What you need to do: The entries below must be reproduced exactly; their pictures are not part of the copy.

Raw data:
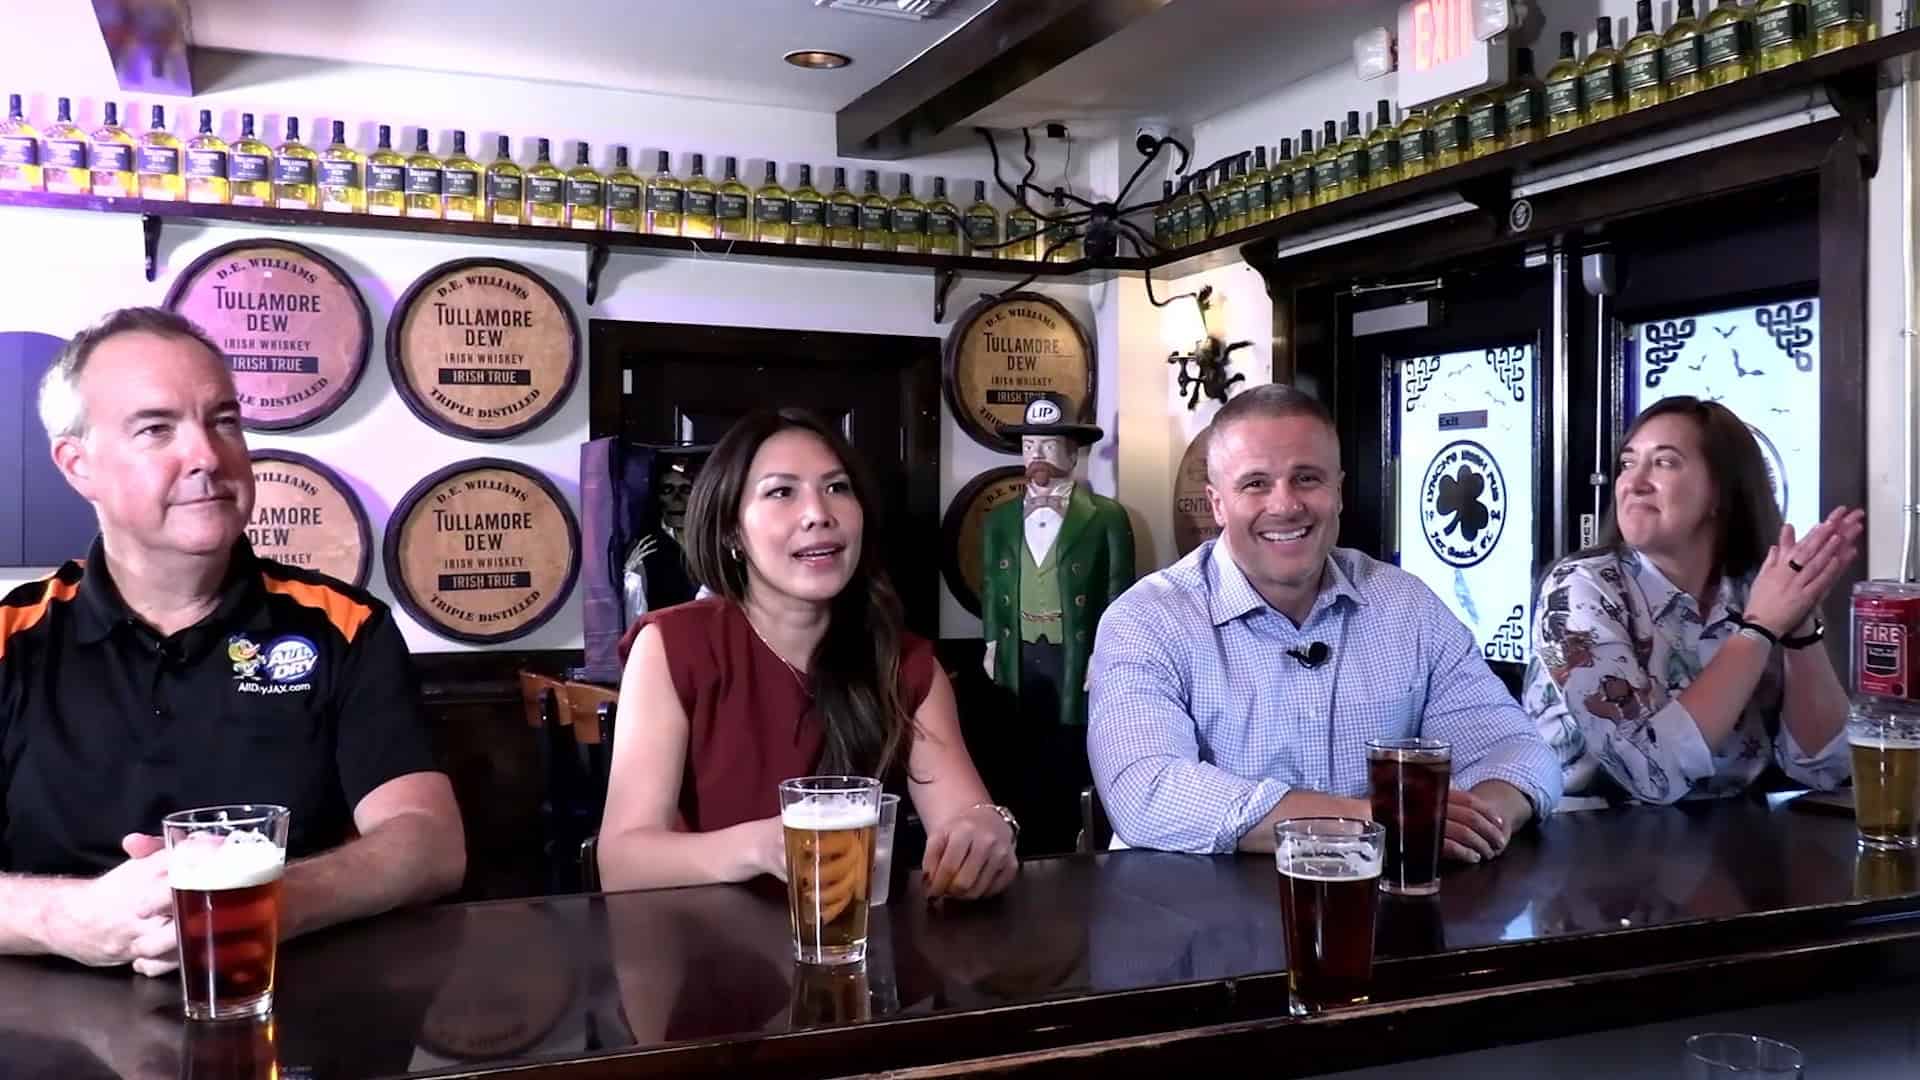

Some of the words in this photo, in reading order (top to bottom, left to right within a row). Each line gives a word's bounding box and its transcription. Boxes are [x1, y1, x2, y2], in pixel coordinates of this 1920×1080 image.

[216, 262, 246, 281] D.E.
[249, 258, 317, 284] WILLIAMS
[437, 280, 463, 297] D.E.
[466, 275, 530, 300] WILLIAMS
[213, 286, 321, 313] TULLAMORE
[247, 314, 288, 332] DEW
[434, 303, 533, 328] TULLAMORE
[224, 338, 255, 349] IRISH
[260, 339, 311, 351] WHISKEY
[465, 329, 503, 347] DEW
[983, 332, 1059, 353] TULLAMORE
[232, 357, 267, 369] IRISH
[271, 358, 303, 371] TRUE
[445, 353, 473, 364] IRISH
[478, 354, 524, 365] WHISKEY
[1007, 356, 1037, 371] DEW
[452, 370, 484, 382] IRISH
[487, 371, 517, 383] TRUE
[260, 377, 328, 407] DISTILLED
[997, 391, 1022, 403] IRISH
[430, 388, 474, 417] TRIPLE
[478, 388, 541, 418] DISTILLED
[1032, 407, 1053, 418] LIP
[436, 486, 462, 505] D.E.
[464, 479, 529, 502] WILLIAMS
[249, 507, 322, 525] AMORE
[433, 509, 533, 532] TULLAMORE
[248, 528, 289, 546] DEW
[1583, 516, 1591, 546] PUS
[465, 533, 503, 551] DEW
[444, 559, 473, 569] IRISH
[477, 557, 524, 568] WHISKEY
[452, 575, 484, 588] IRISH
[487, 574, 517, 587] TRUE
[429, 593, 474, 622] TRIPLE
[479, 590, 541, 622] DISTILLED
[1863, 625, 1900, 643] FIRE
[272, 655, 318, 680] DRY
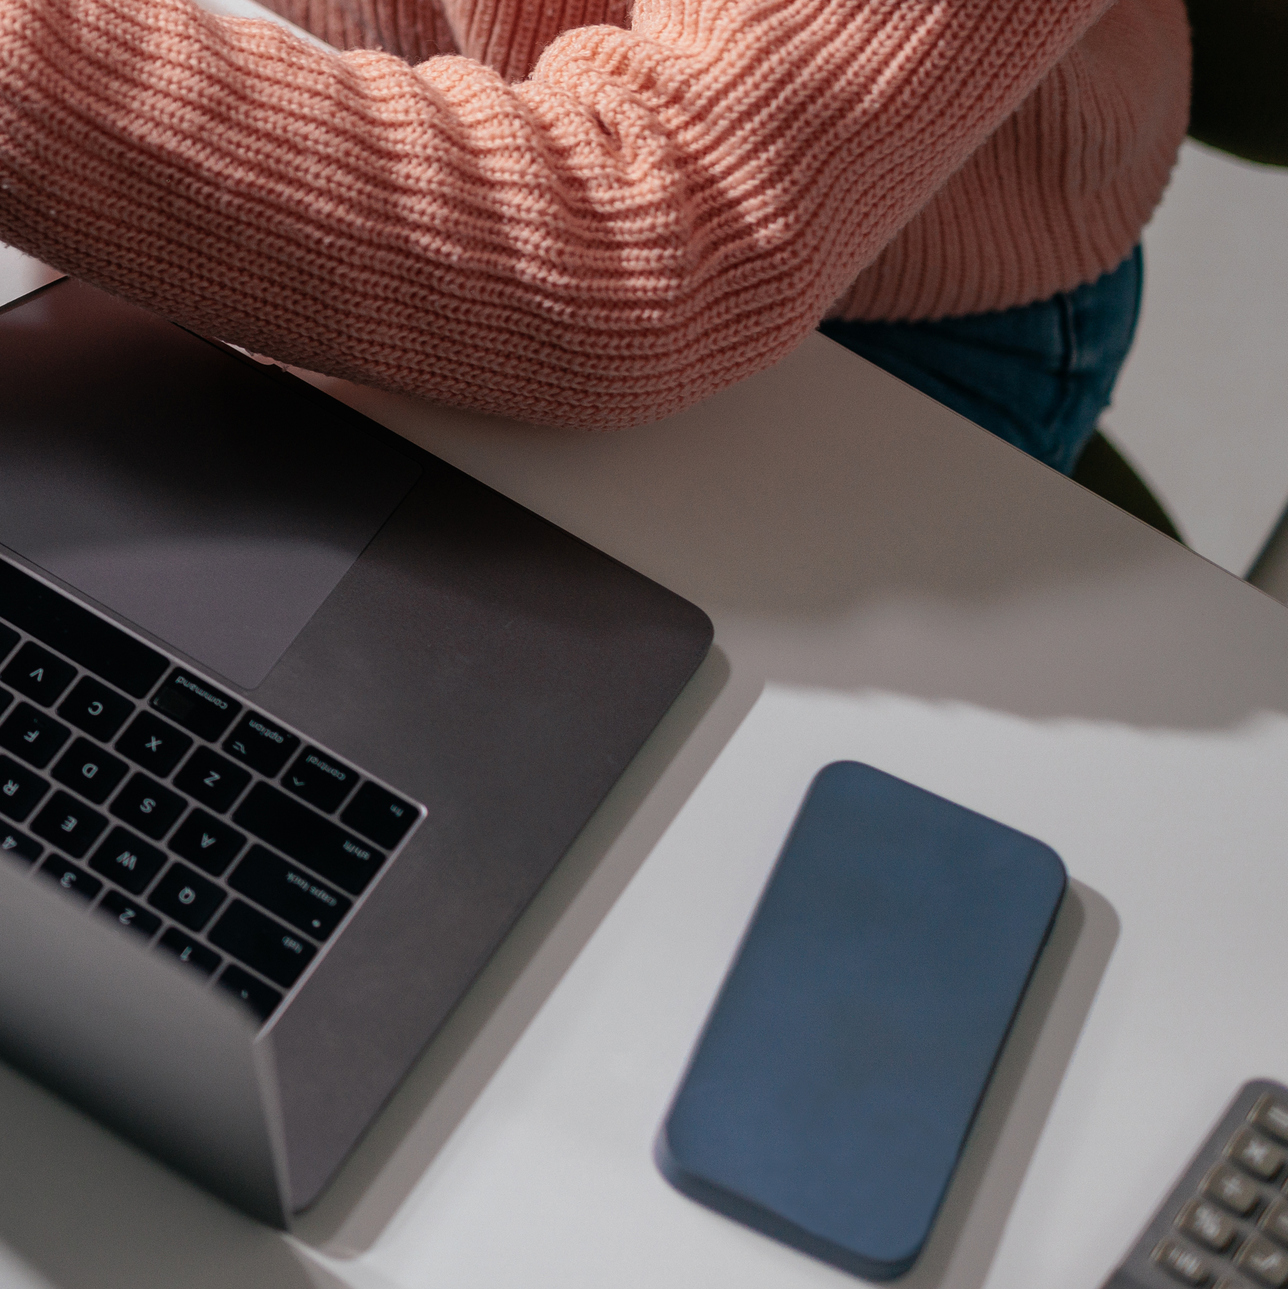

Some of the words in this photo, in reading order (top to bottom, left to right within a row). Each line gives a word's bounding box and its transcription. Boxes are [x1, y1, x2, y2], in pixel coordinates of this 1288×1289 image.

[28, 666, 45, 683] V
[174, 674, 229, 711] command
[86, 700, 105, 717] C
[22, 729, 41, 744] F
[247, 718, 285, 744] option
[144, 735, 163, 752] X
[80, 762, 100, 780] D
[304, 754, 347, 781] control
[1, 778, 20, 797] R
[202, 769, 222, 787] Z
[138, 796, 157, 814] S
[60, 814, 79, 833] E
[0, 834, 18, 851] 4
[200, 831, 217, 849] A
[342, 839, 371, 861] shift
[115, 850, 138, 871] W
[58, 871, 77, 890] 3
[286, 871, 310, 891] lock
[177, 885, 197, 905] Q
[309, 885, 337, 906] caps
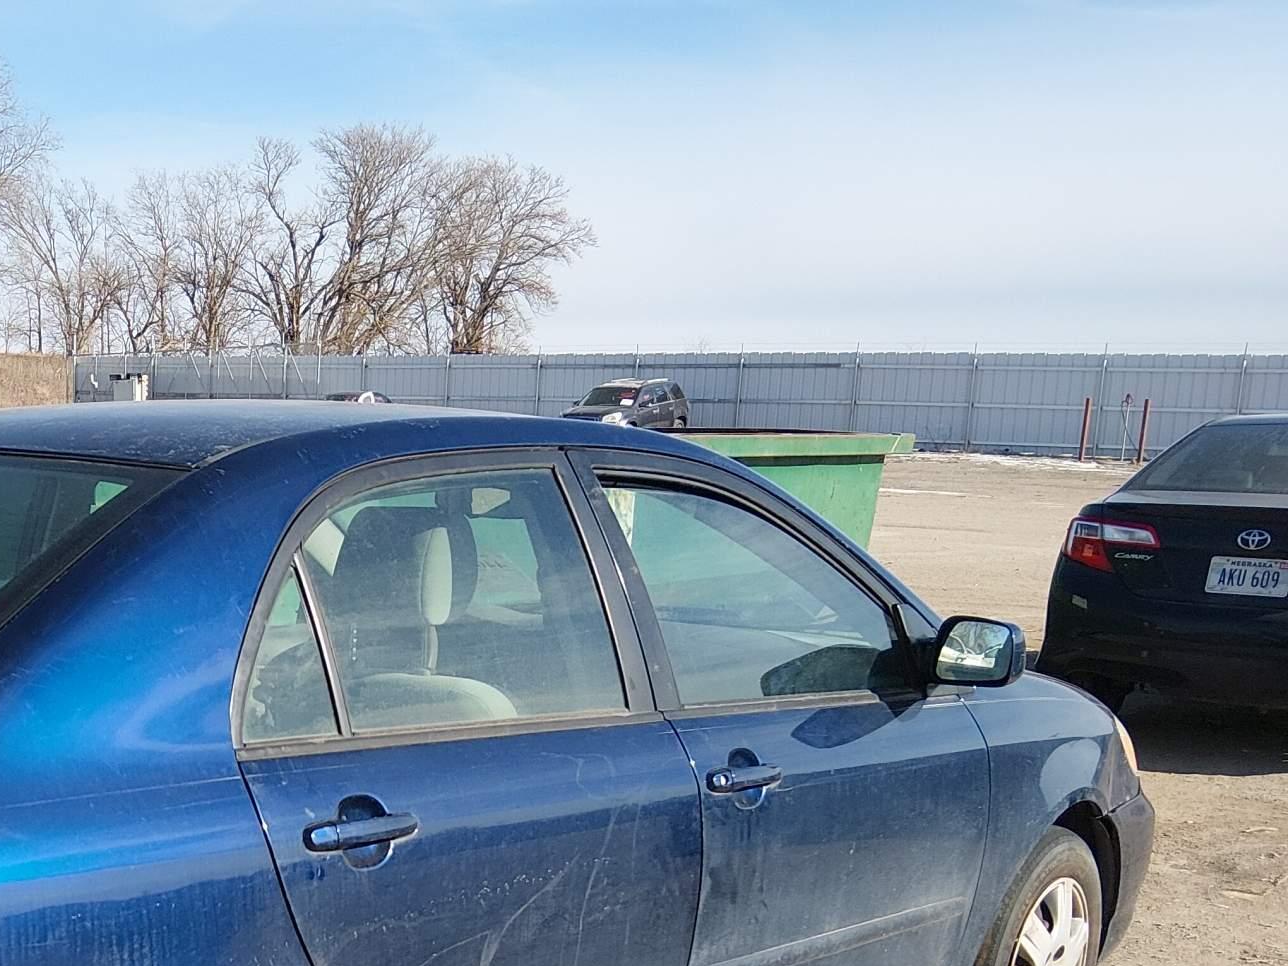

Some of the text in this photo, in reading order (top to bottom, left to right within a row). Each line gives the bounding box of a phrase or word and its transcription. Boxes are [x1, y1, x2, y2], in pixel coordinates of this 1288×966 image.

[1230, 560, 1273, 569] NEBRASKA
[1217, 567, 1281, 589] AKU 609
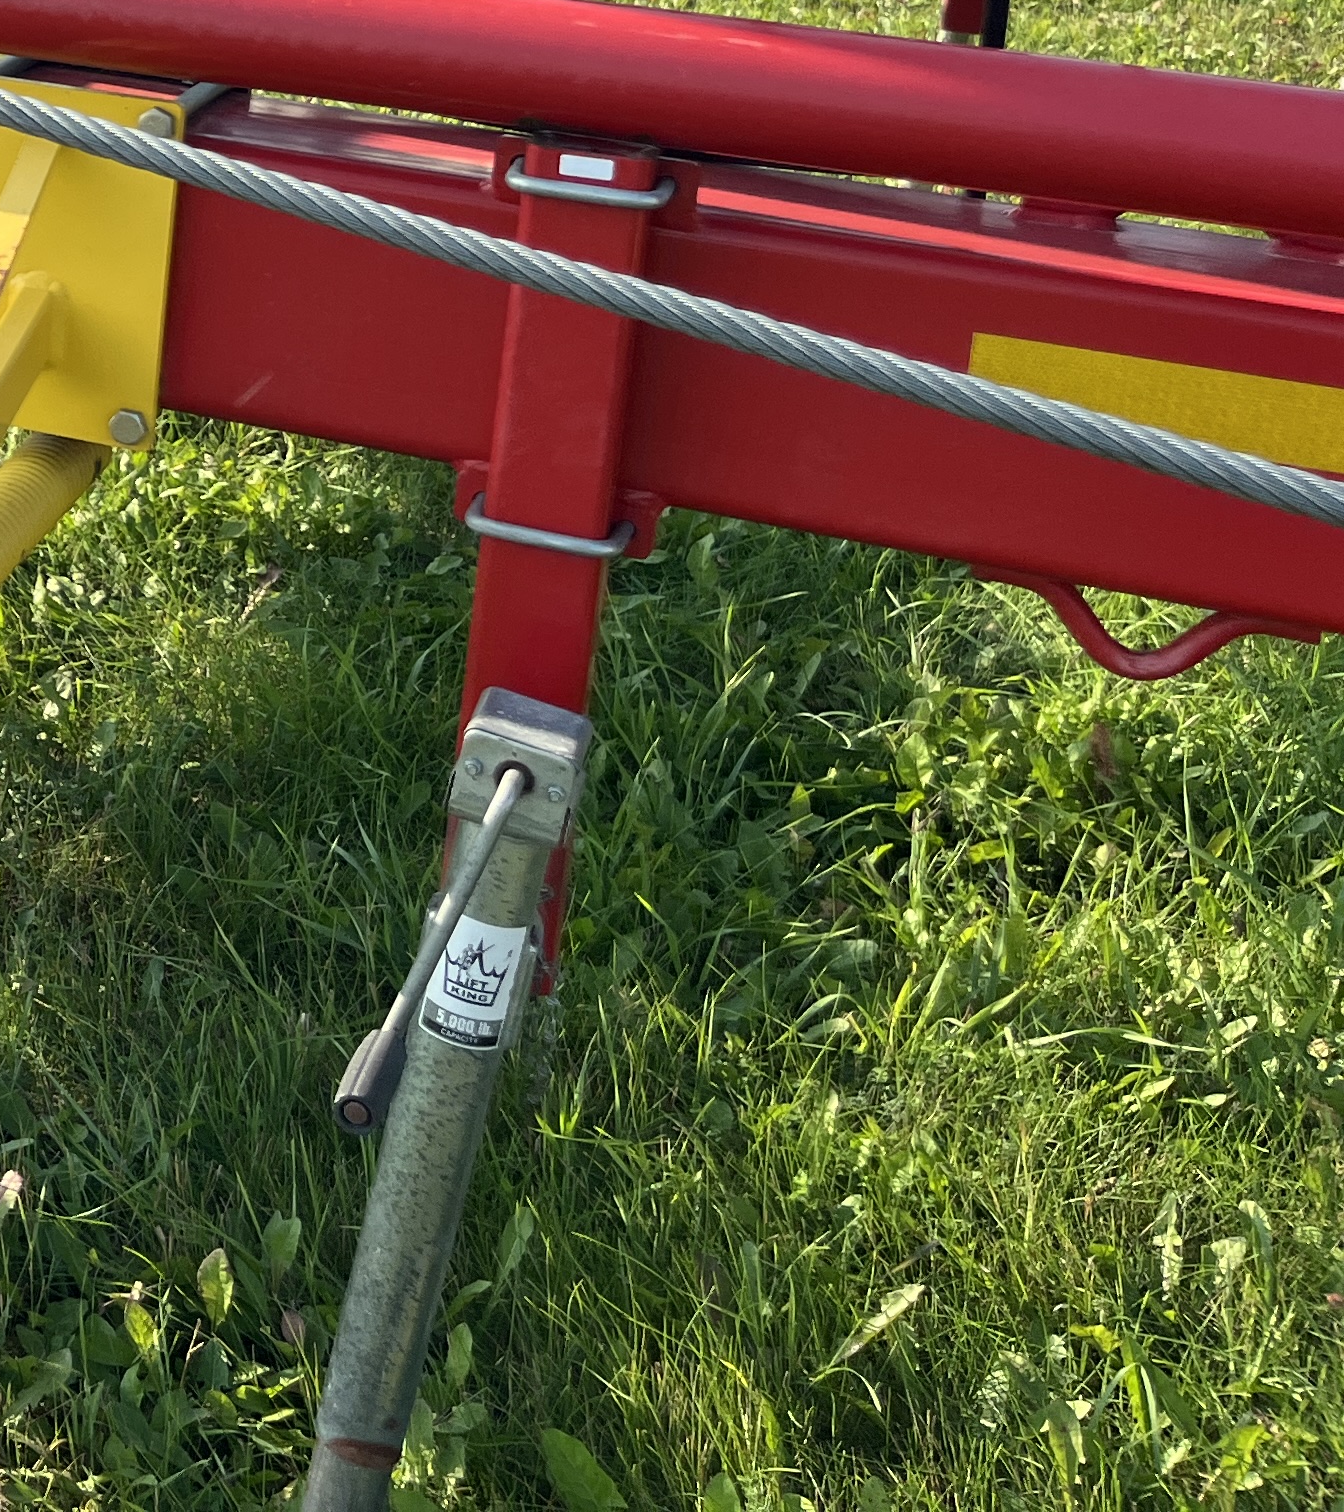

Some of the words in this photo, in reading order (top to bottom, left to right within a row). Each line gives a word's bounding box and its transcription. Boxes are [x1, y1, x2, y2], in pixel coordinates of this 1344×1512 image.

Response to this exercise:
Some of the words in this photo, in reading order (top to bottom, left to right within a row). Each line gives a word's bounding box and its transcription. Boxes are [x1, y1, x2, y2], in pixel coordinates of this 1920×1080 image.

[216, 262, 246, 281] D.E.
[249, 258, 317, 284] WILLIAMS
[437, 280, 463, 297] D.E.
[466, 275, 530, 300] WILLIAMS
[213, 286, 321, 313] TULLAMORE
[247, 314, 288, 332] DEW
[434, 303, 533, 328] TULLAMORE
[224, 338, 255, 349] IRISH
[260, 339, 311, 351] WHISKEY
[465, 329, 503, 347] DEW
[983, 332, 1059, 353] TULLAMORE
[232, 357, 267, 369] IRISH
[271, 358, 303, 371] TRUE
[445, 353, 473, 364] IRISH
[478, 354, 524, 365] WHISKEY
[1007, 356, 1037, 371] DEW
[452, 370, 484, 382] IRISH
[487, 371, 517, 383] TRUE
[260, 377, 328, 407] DISTILLED
[997, 391, 1022, 403] IRISH
[430, 388, 474, 417] TRIPLE
[478, 388, 541, 418] DISTILLED
[1032, 407, 1053, 418] LIP
[436, 486, 462, 505] D.E.
[464, 479, 529, 502] WILLIAMS
[249, 507, 322, 525] AMORE
[433, 509, 533, 532] TULLAMORE
[248, 528, 289, 546] DEW
[1583, 516, 1591, 546] PUS
[465, 533, 503, 551] DEW
[444, 559, 473, 569] IRISH
[477, 557, 524, 568] WHISKEY
[452, 575, 484, 588] IRISH
[487, 574, 517, 587] TRUE
[429, 593, 474, 622] TRIPLE
[479, 590, 541, 622] DISTILLED
[1863, 625, 1900, 643] FIRE
[272, 655, 318, 680] DRY

Some of the words in this photo, in reading order (top to bottom, left to right within a row). Each line gives a word's bounding box and its transcription. Boxes are [x1, y1, x2, y2], in pixel coordinates of this 1288×1289 image.

[28, 666, 45, 683] V
[174, 674, 229, 711] command
[86, 700, 105, 717] C
[22, 729, 41, 744] F
[247, 718, 285, 744] option
[144, 735, 163, 752] X
[80, 762, 100, 780] D
[304, 754, 347, 781] control
[1, 778, 20, 797] R
[202, 769, 222, 787] Z
[138, 796, 157, 814] S
[60, 814, 79, 833] E
[0, 834, 18, 851] 4
[200, 831, 217, 849] A
[342, 839, 371, 861] shift
[115, 850, 138, 871] W
[58, 871, 77, 890] 3
[286, 871, 310, 891] lock
[177, 885, 197, 905] Q
[309, 885, 337, 906] caps

Some of the text in this photo, in reading order (top to bottom, left to right within a row). Each line gives the bounding box of a phrase or word and its transcription. Boxes are [x1, y1, x2, y2], in pixel coordinates of this 1288×966 image.

[1230, 560, 1273, 569] NEBRASKA
[1217, 567, 1281, 589] AKU 609

Some of the words in this photo, in reading order (top to bottom, left to right within a row). Each line gives a word's bounding box and its transcription. Boxes are [x1, y1, x2, y2], in pixel coordinates of this 1344×1512 image.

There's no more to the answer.